TASK BRIEF:
Every record below should be printed exactly as given.
[[ RECORDS PROVIDED open ]]
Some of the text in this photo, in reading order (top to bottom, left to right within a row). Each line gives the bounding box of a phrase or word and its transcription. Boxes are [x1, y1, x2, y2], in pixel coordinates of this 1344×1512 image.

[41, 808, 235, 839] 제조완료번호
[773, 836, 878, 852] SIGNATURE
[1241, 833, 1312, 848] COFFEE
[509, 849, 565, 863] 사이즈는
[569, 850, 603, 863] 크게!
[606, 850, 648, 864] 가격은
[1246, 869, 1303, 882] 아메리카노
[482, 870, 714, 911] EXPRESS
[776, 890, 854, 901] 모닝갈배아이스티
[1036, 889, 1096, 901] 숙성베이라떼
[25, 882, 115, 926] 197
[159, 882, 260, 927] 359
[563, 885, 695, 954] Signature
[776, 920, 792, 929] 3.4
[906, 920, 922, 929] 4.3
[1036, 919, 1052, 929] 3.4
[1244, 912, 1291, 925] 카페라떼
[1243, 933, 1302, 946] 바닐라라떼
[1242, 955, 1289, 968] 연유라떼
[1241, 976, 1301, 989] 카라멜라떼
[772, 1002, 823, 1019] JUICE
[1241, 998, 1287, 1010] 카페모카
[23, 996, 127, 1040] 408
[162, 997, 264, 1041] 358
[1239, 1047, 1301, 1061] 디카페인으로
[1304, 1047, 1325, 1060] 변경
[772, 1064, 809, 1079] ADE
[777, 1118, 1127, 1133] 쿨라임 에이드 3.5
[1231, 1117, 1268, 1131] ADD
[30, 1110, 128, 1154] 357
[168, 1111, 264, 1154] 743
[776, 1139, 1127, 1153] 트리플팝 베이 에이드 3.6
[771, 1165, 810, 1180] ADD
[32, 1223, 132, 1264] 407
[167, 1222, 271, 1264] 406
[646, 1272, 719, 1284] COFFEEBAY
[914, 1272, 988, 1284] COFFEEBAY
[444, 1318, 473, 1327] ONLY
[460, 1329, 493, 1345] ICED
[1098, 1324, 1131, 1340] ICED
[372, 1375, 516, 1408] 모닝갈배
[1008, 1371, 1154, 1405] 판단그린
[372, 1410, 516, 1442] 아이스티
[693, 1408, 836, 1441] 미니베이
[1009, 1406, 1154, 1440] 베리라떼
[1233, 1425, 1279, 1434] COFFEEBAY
[[ RECORDS PROVIDED closed ]]
OUTPUT FOR THIS EXERCISE:
Some of the text in this photo, in reading order (top to bottom, left to right within a row). Each line gives the bounding box of a phrase or word and its transcription. Boxes are [x1, y1, x2, y2], in pixel coordinates of this 1344×1512 image.

[41, 808, 235, 839] 제조완료번호
[773, 836, 878, 852] SIGNATURE
[1241, 833, 1312, 848] COFFEE
[509, 849, 565, 863] 사이즈는
[569, 850, 603, 863] 크게!
[606, 850, 648, 864] 가격은
[1246, 869, 1303, 882] 아메리카노
[482, 870, 714, 911] EXPRESS
[776, 890, 854, 901] 모닝갈배아이스티
[1036, 889, 1096, 901] 숙성베이라떼
[25, 882, 115, 926] 197
[159, 882, 260, 927] 359
[563, 885, 695, 954] Signature
[776, 920, 792, 929] 3.4
[906, 920, 922, 929] 4.3
[1036, 919, 1052, 929] 3.4
[1244, 912, 1291, 925] 카페라떼
[1243, 933, 1302, 946] 바닐라라떼
[1242, 955, 1289, 968] 연유라떼
[1241, 976, 1301, 989] 카라멜라떼
[772, 1002, 823, 1019] JUICE
[1241, 998, 1287, 1010] 카페모카
[23, 996, 127, 1040] 408
[162, 997, 264, 1041] 358
[1239, 1047, 1301, 1061] 디카페인으로
[1304, 1047, 1325, 1060] 변경
[772, 1064, 809, 1079] ADE
[777, 1118, 1127, 1133] 쿨라임 에이드 3.5
[1231, 1117, 1268, 1131] ADD
[30, 1110, 128, 1154] 357
[168, 1111, 264, 1154] 743
[776, 1139, 1127, 1153] 트리플팝 베이 에이드 3.6
[771, 1165, 810, 1180] ADD
[32, 1223, 132, 1264] 407
[167, 1222, 271, 1264] 406
[646, 1272, 719, 1284] COFFEEBAY
[914, 1272, 988, 1284] COFFEEBAY
[444, 1318, 473, 1327] ONLY
[460, 1329, 493, 1345] ICED
[1098, 1324, 1131, 1340] ICED
[372, 1375, 516, 1408] 모닝갈배
[1008, 1371, 1154, 1405] 판단그린
[372, 1410, 516, 1442] 아이스티
[693, 1408, 836, 1441] 미니베이
[1009, 1406, 1154, 1440] 베리라떼
[1233, 1425, 1279, 1434] COFFEEBAY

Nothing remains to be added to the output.